■ TO DO
Your answer must be an exact copy of the records, minus any pictures.

■ INPUT
+++++
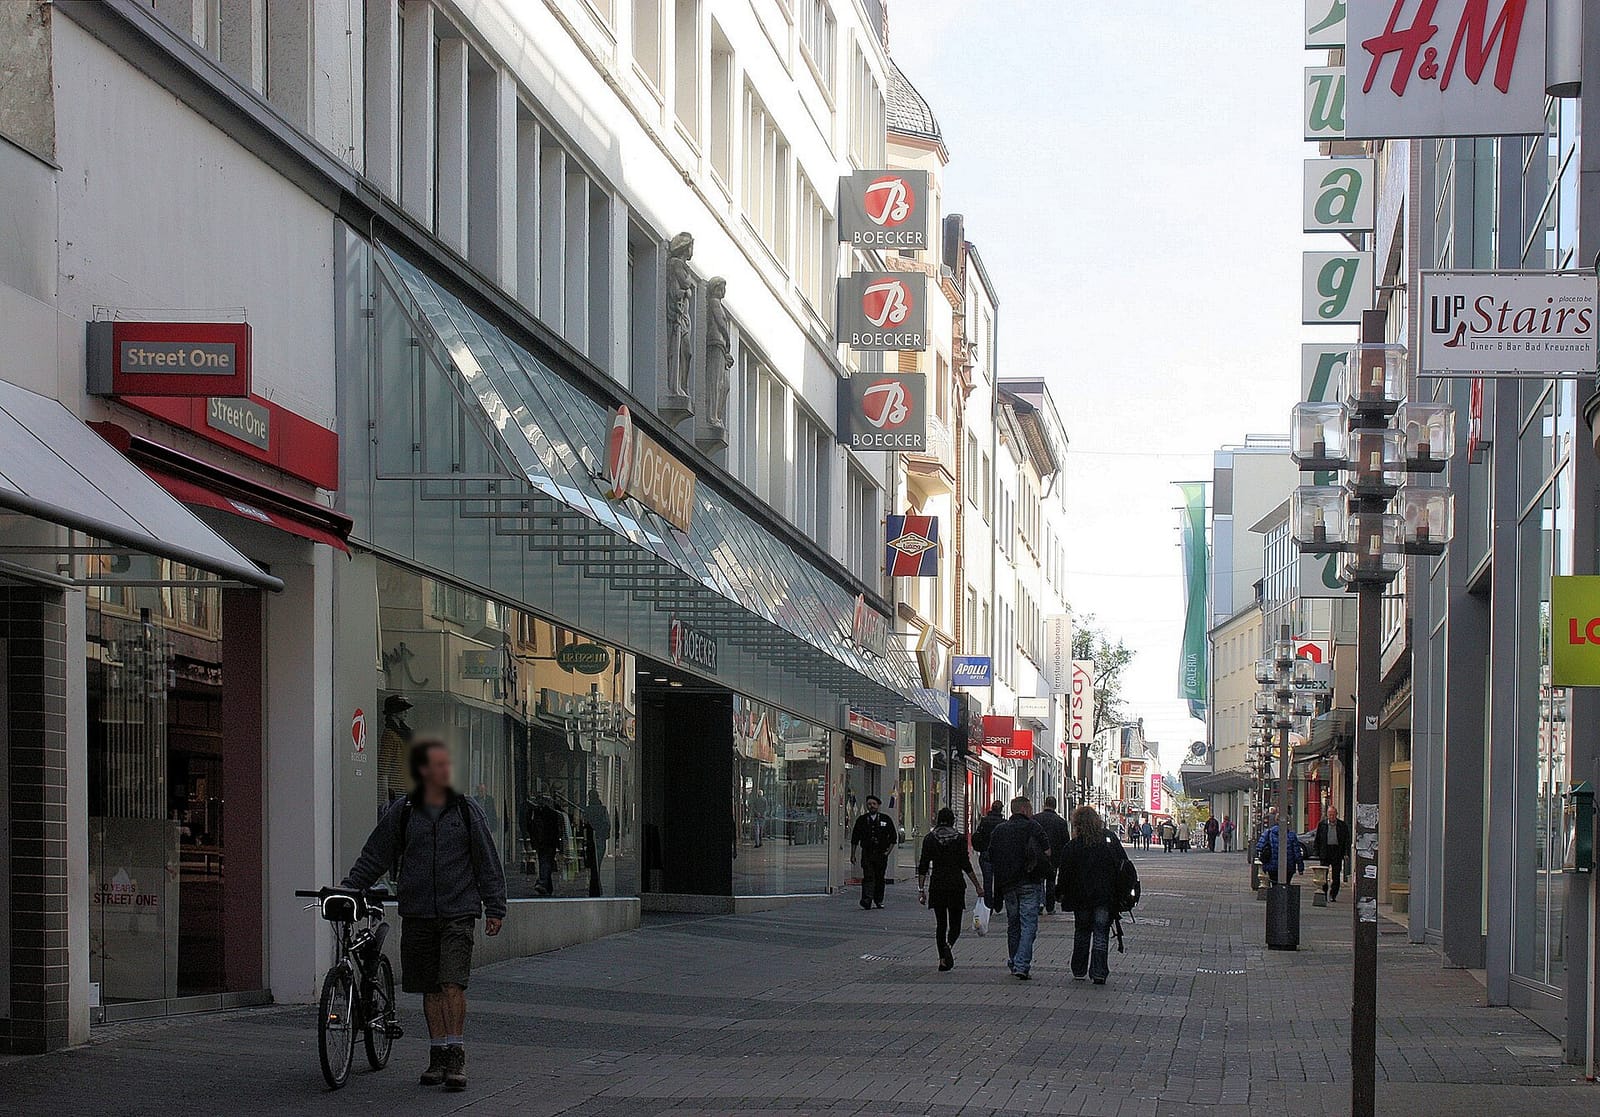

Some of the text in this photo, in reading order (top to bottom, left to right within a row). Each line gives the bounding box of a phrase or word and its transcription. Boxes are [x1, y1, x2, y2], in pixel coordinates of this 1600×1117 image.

[1362, 0, 1526, 96] H&M
[854, 231, 923, 244] BOECKER
[1469, 295, 1593, 334] Stairs
[852, 333, 921, 346] BOECKER
[1470, 341, 1494, 351] Diner
[1506, 341, 1522, 351] Bar
[1525, 341, 1541, 351] Bad
[1544, 342, 1590, 352] Kreuznach
[127, 348, 230, 368] Street One
[211, 397, 266, 440] Street One
[852, 433, 921, 447] BOECKER
[633, 429, 692, 524] BOECKER
[684, 627, 717, 669] BOECKER
[954, 663, 988, 675] APOLLO
[1186, 653, 1197, 687] GALERIA
[1072, 663, 1092, 741] orsay
[985, 736, 1012, 744] ESPRIT
[1151, 778, 1161, 805] ADLER
[94, 892, 158, 906] STREET ONE
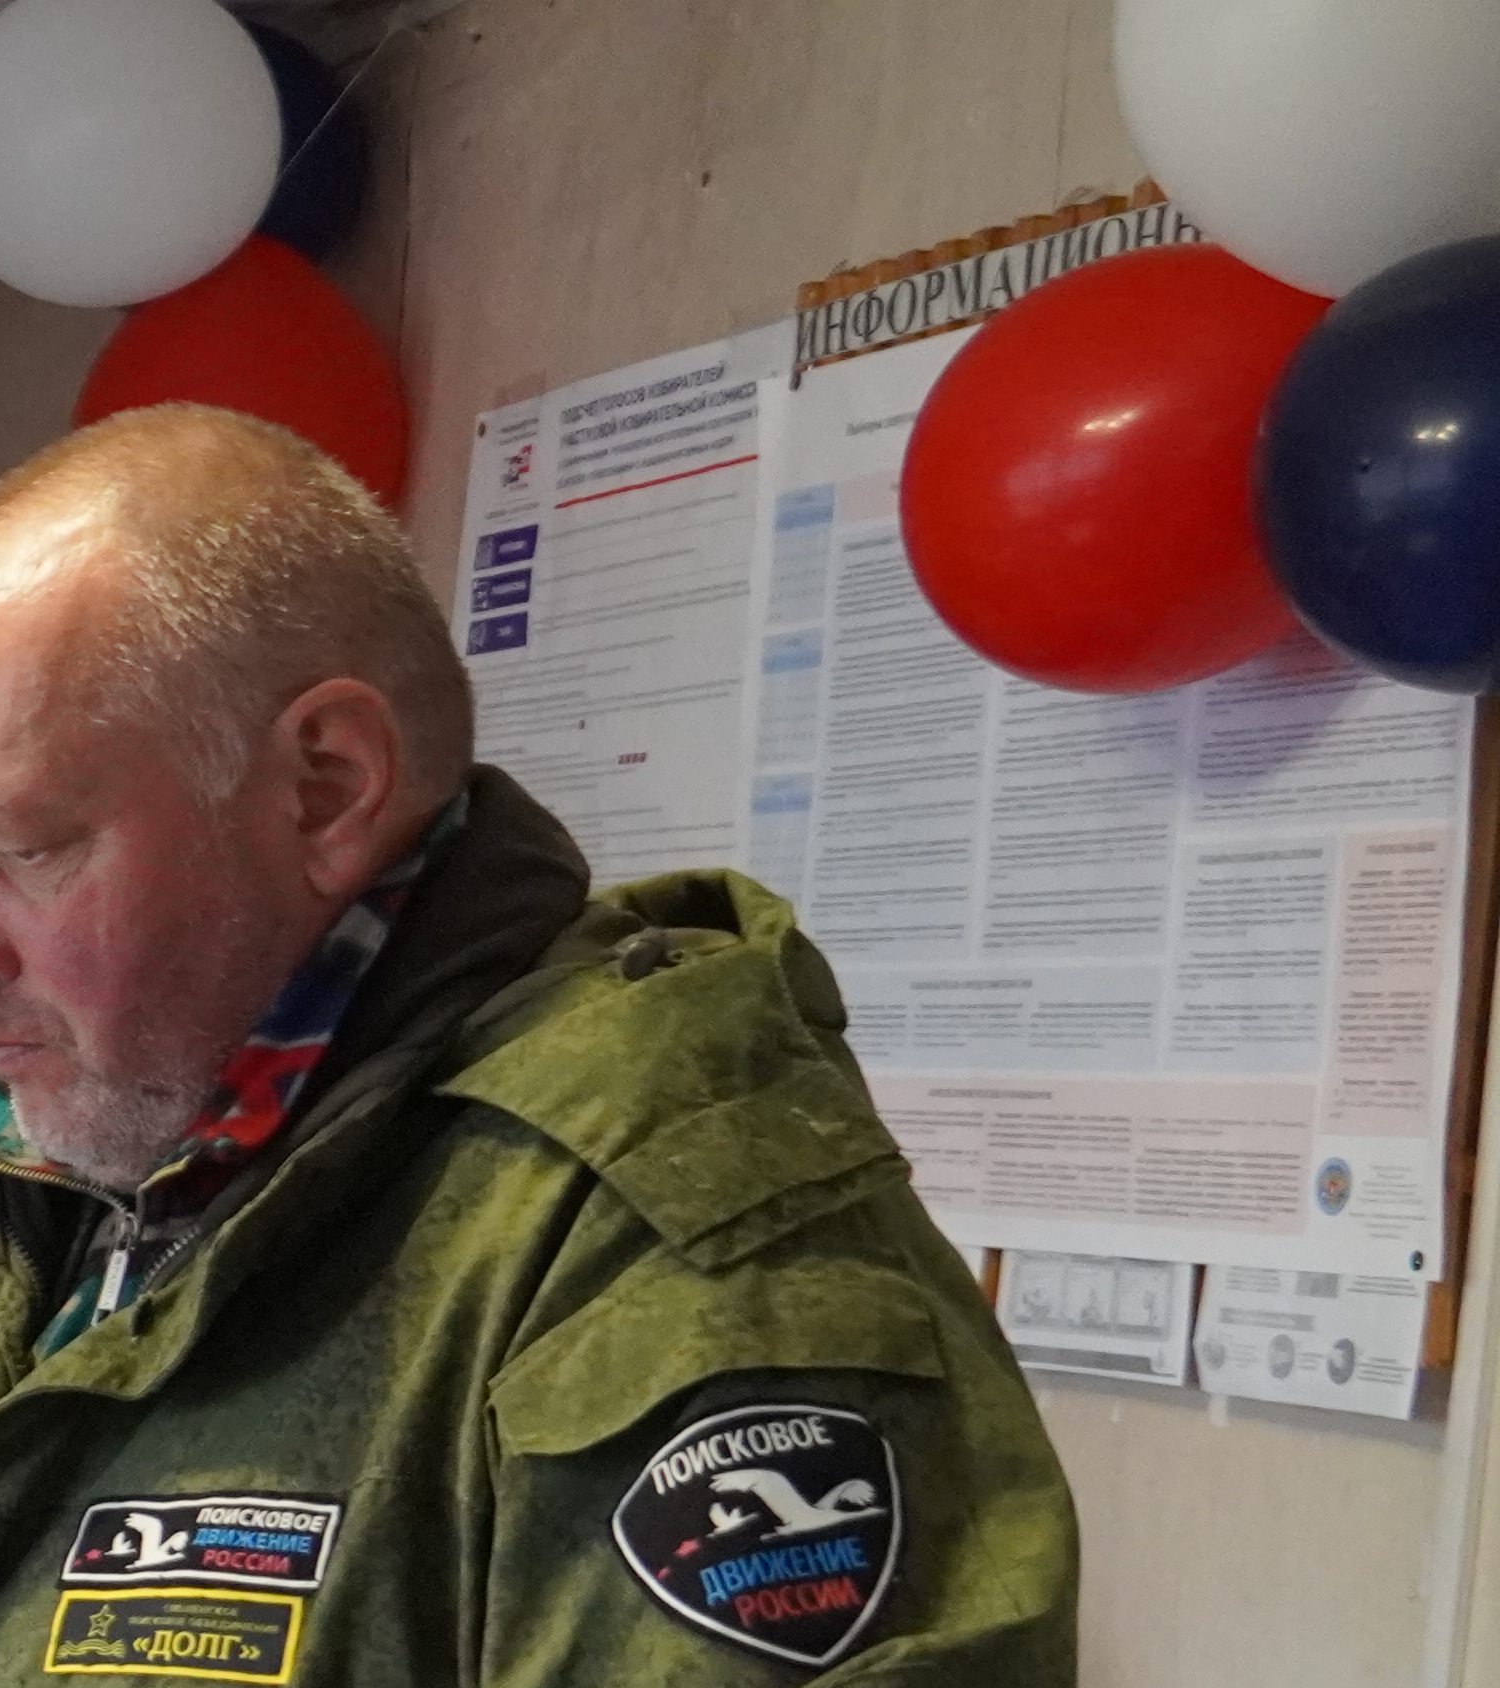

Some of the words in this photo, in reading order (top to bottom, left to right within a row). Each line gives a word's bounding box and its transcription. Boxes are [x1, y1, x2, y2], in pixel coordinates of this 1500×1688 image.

[650, 1415, 835, 1496] ПОИСКОВОЕ
[196, 1507, 329, 1533] ПОИСКОВОЕ
[192, 1527, 314, 1554] ДВИЖЕНИЕ
[202, 1549, 292, 1574] РОССИИ
[700, 1537, 869, 1606] ДВИЖЕНИЕ
[734, 1576, 863, 1628] РОССИИ
[132, 1629, 262, 1661] «ДОЛГ»
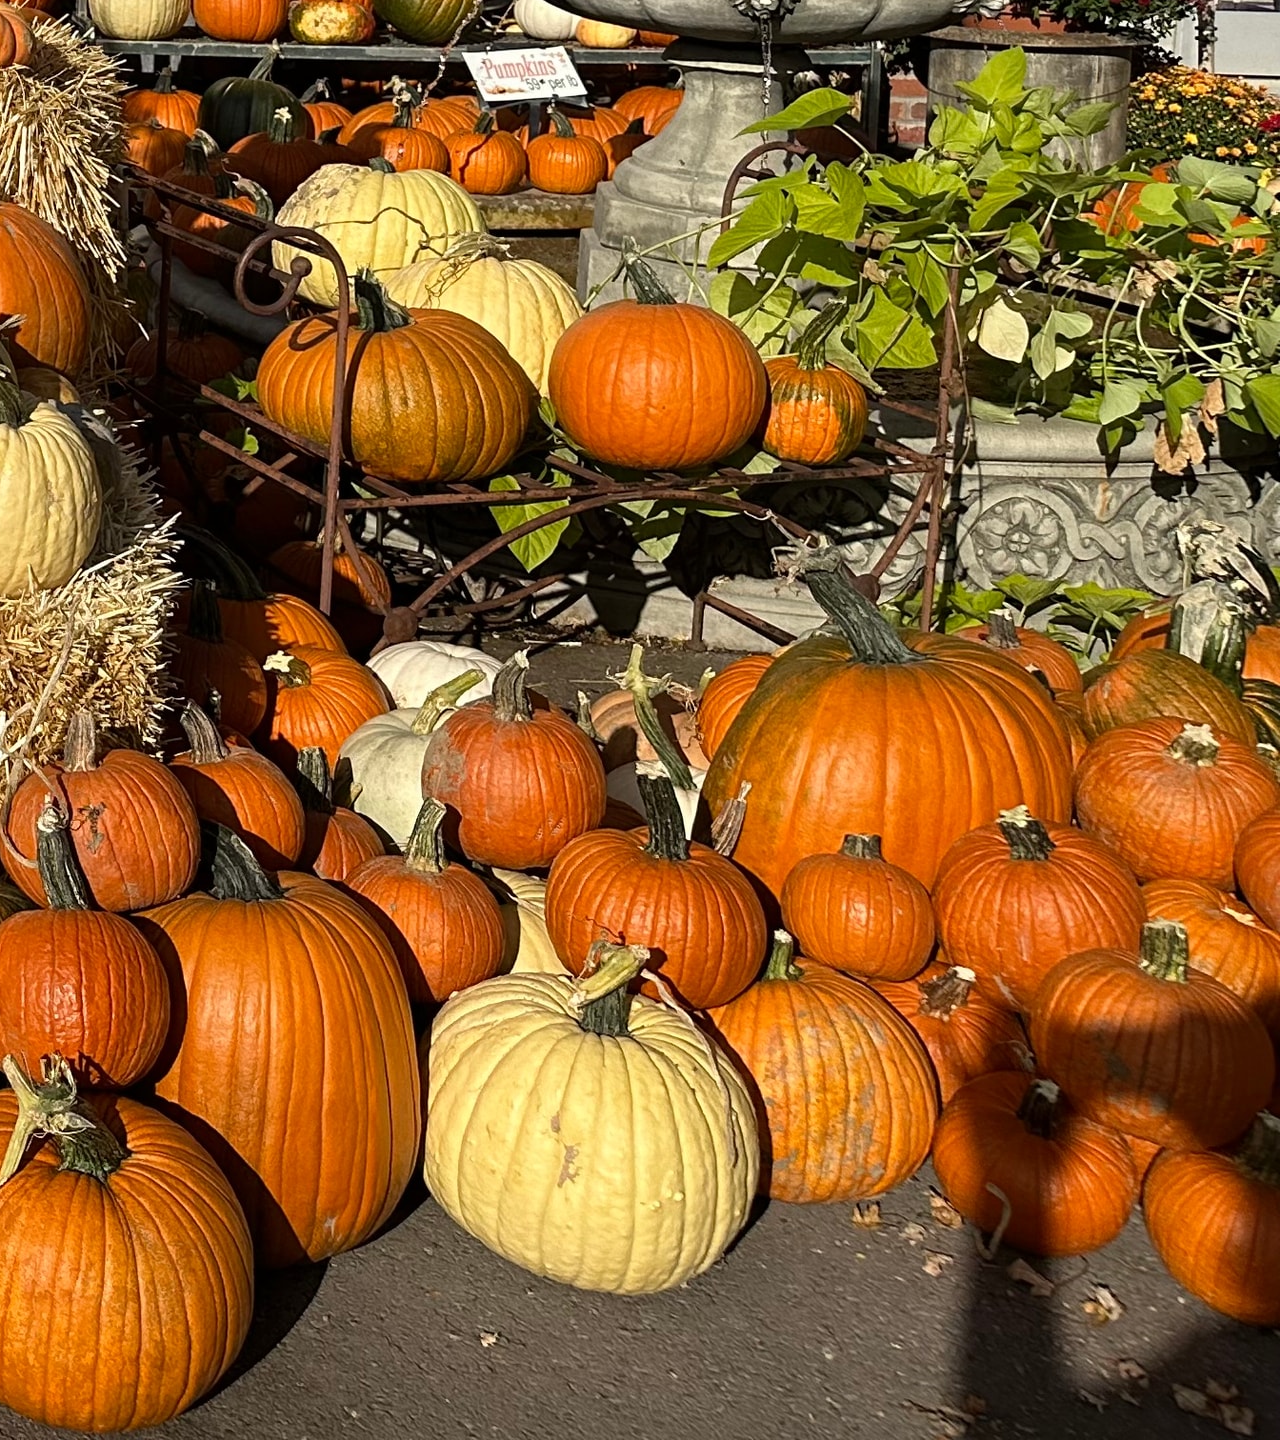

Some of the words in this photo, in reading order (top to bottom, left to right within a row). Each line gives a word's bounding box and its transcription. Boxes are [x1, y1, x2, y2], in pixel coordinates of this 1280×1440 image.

[483, 54, 557, 82] Pumpkins
[549, 77, 566, 90] per
[568, 74, 579, 87] lb
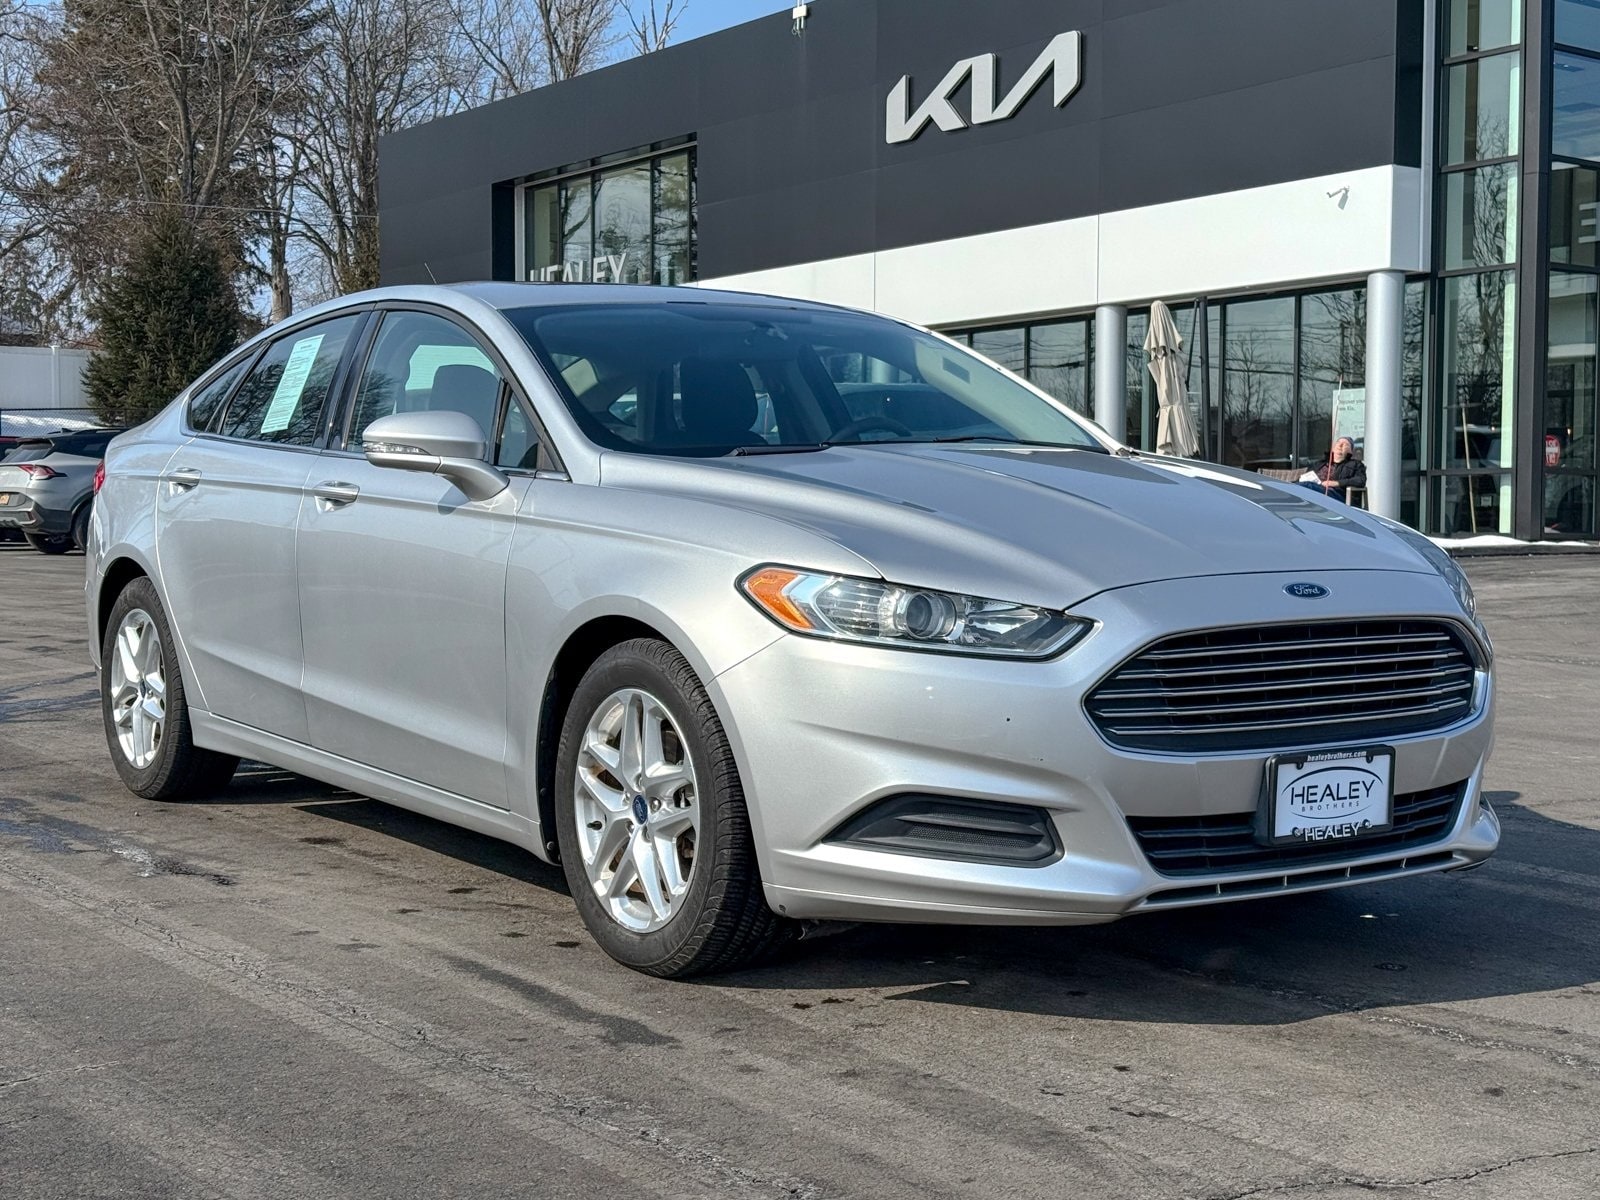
+++++
■ RESULT FOR THIS EXERCISE
Some of the text in this photo, in reading order (top to bottom, left to right within a row). Each line gives the bounding box of a phrase or word and its transcription. Boxes are [x1, y1, x2, y2], in pixel coordinates of this 1600×1117 image.

[1362, 0, 1526, 96] H&M
[854, 231, 923, 244] BOECKER
[1469, 295, 1593, 334] Stairs
[852, 333, 921, 346] BOECKER
[1470, 341, 1494, 351] Diner
[1506, 341, 1522, 351] Bar
[1525, 341, 1541, 351] Bad
[1544, 342, 1590, 352] Kreuznach
[127, 348, 230, 368] Street One
[211, 397, 266, 440] Street One
[852, 433, 921, 447] BOECKER
[633, 429, 692, 524] BOECKER
[684, 627, 717, 669] BOECKER
[954, 663, 988, 675] APOLLO
[1186, 653, 1197, 687] GALERIA
[1072, 663, 1092, 741] orsay
[985, 736, 1012, 744] ESPRIT
[1151, 778, 1161, 805] ADLER
[94, 892, 158, 906] STREET ONE

Some of the words in this photo, in reading order (top to bottom, left to right within a row). Each line gives a word's bounding box and its transcription. Boxes are [x1, y1, x2, y2], in pixel coordinates of this 1500×1688 image.

[650, 1415, 835, 1496] ПОИСКОВОЕ
[196, 1507, 329, 1533] ПОИСКОВОЕ
[192, 1527, 314, 1554] ДВИЖЕНИЕ
[202, 1549, 292, 1574] РОССИИ
[700, 1537, 869, 1606] ДВИЖЕНИЕ
[734, 1576, 863, 1628] РОССИИ
[132, 1629, 262, 1661] «ДОЛГ»

Some of the words in this photo, in reading order (top to bottom, left to right within a row). Each line gives a word's bounding box and its transcription. Boxes are [x1, y1, x2, y2], in pixel coordinates of this 1280×1440 image.

[483, 54, 557, 82] Pumpkins
[549, 77, 566, 90] per
[568, 74, 579, 87] lb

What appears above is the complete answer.